Mount St Benedict College commenced on 1 February 1966 with 65 students under the guidance of Sisters Christopher Burrows and Hyacinth Roche. The college is now an incorporated body which operates as an independent Catholic Congregational school with a board of directors. In 2008 there were approximately 835 girls from Year 7 to Year 12. Mount St Benedict is affiliated with the Alliance of Girls' Schools Australasia (AGSA) and the Association of Heads of Independent Girls' Schools (AHIGS).

==History==
Established by the Sisters of the Good Samaritan of the Order of St Benedict in 1966, the college is located in the Roman Catholic Diocese of Broken Bay and run under the auspices of the Sisters through its board of directors and the school Principal.
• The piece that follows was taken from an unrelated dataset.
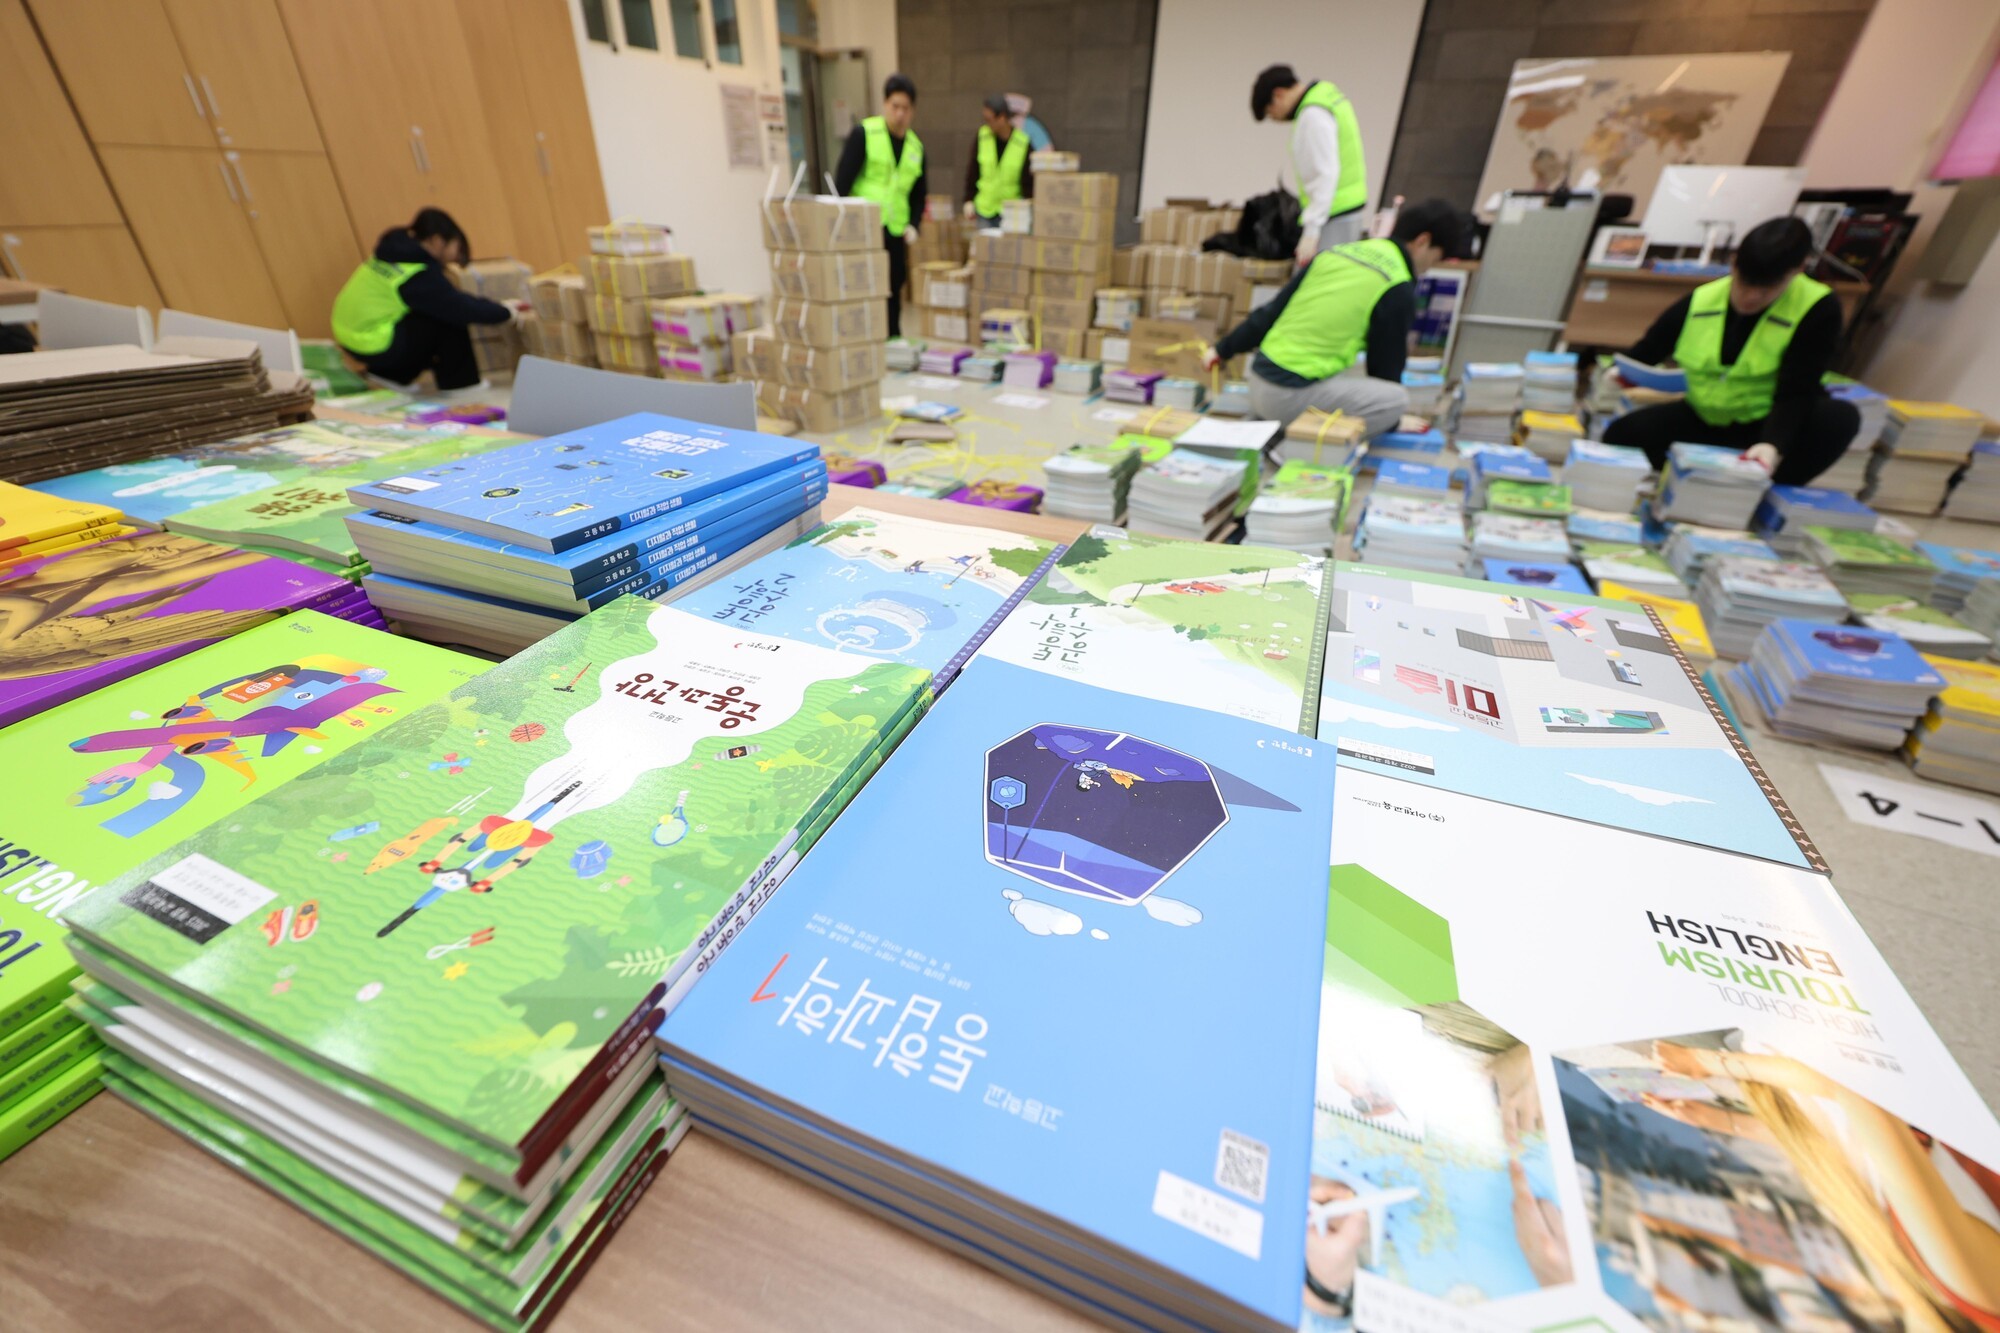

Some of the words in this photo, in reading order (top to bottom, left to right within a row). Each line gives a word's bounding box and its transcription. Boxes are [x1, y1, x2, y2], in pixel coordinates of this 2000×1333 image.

The Catholic view of life and the mission of Christ underpins and influences all the policies and practices of the school community. The students receive formal religious education and are also encouraged to participate in a wide range of activities which seek to broaden their understanding of, and commitment to, the faith life of the Church and its service to the broader community.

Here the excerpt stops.